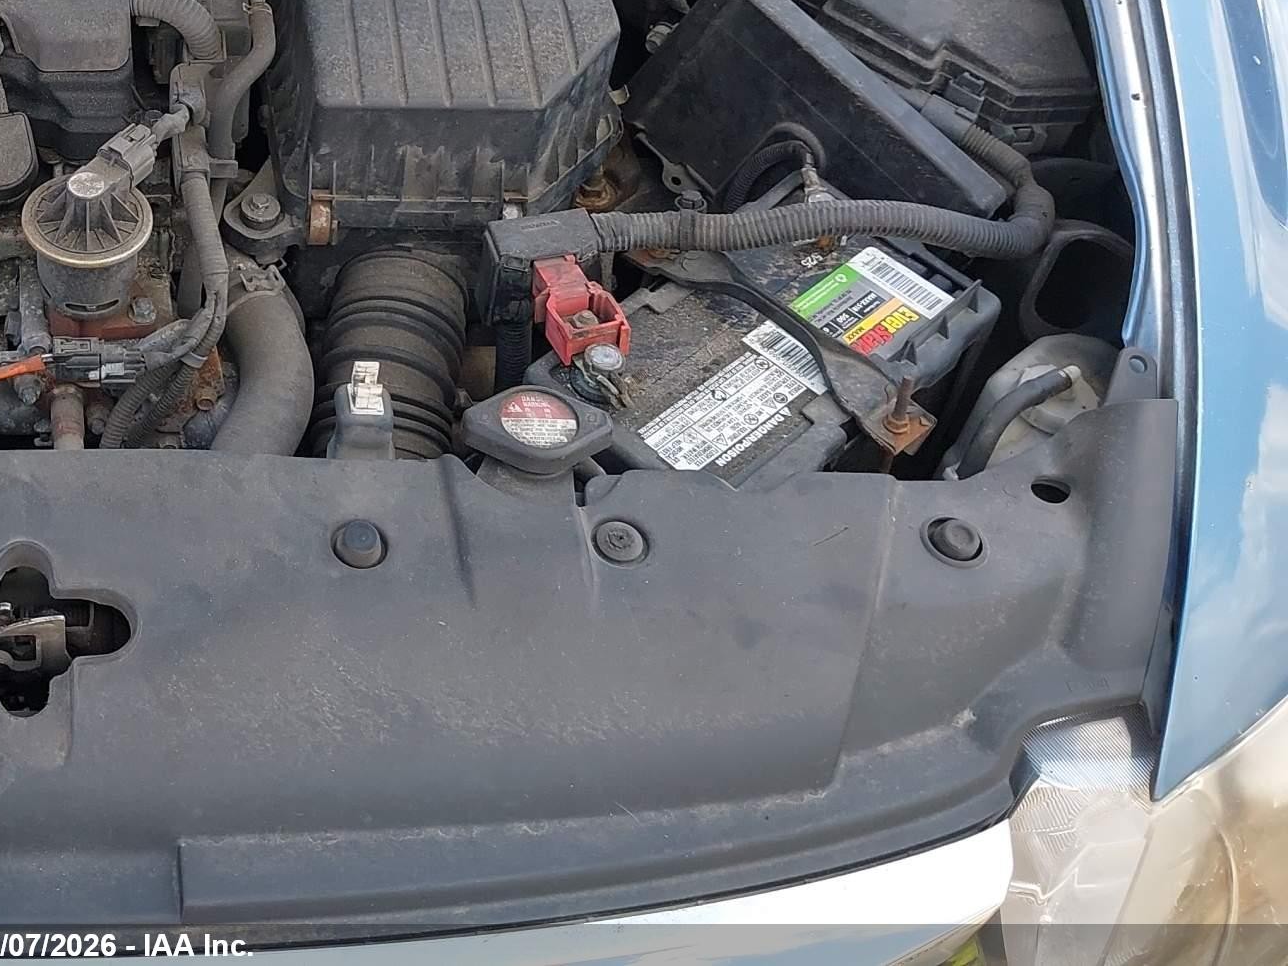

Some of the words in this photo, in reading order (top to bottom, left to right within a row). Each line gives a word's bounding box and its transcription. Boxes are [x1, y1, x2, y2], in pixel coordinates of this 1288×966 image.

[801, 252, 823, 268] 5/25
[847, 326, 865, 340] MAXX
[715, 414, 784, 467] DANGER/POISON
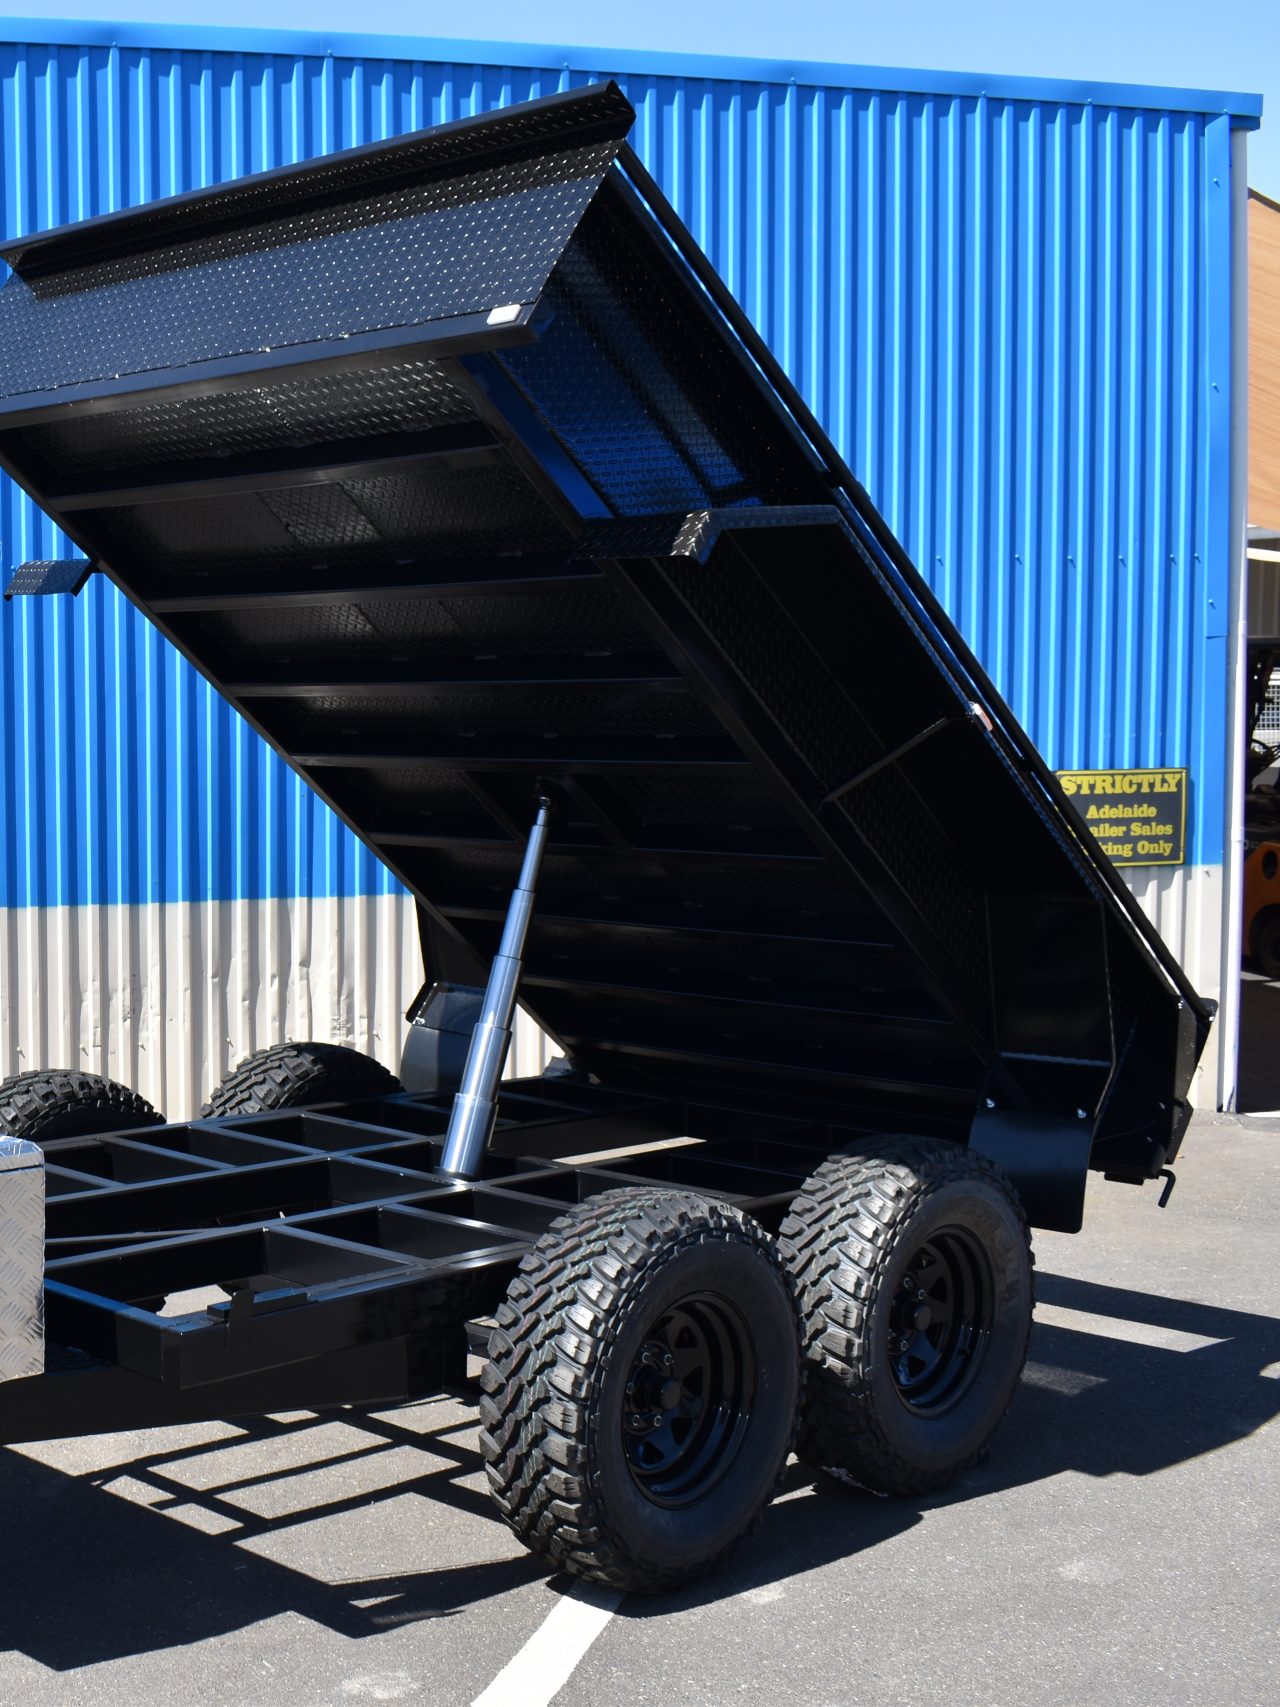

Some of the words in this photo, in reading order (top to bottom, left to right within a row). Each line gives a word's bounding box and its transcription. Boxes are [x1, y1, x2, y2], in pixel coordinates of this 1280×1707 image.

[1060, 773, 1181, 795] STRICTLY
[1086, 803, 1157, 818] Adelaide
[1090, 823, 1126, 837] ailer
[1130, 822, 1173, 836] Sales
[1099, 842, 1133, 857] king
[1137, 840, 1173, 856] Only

★ ★ ★ ★ ★

• Goal of the exercise:
A verbatim copy of every entry is wanted; the pictures stay out of it.

• Solution:
Some of the words in this photo, in reading order (top to bottom, left to right within a row). Each line gives a word's bounding box and its transcription. Boxes are [x1, y1, x2, y2], in pixel coordinates of this 1288×966 image.

[801, 252, 823, 268] 5/25
[847, 326, 865, 340] MAXX
[715, 414, 784, 467] DANGER/POISON

Some of the words in this photo, in reading order (top to bottom, left to right within a row). Each line gives a word's bounding box and its transcription. Boxes are [x1, y1, x2, y2], in pixel coordinates of this 1280×1707 image.

[1060, 773, 1181, 795] STRICTLY
[1086, 803, 1157, 818] Adelaide
[1090, 823, 1126, 837] ailer
[1130, 822, 1173, 836] Sales
[1099, 842, 1133, 857] king
[1137, 840, 1173, 856] Only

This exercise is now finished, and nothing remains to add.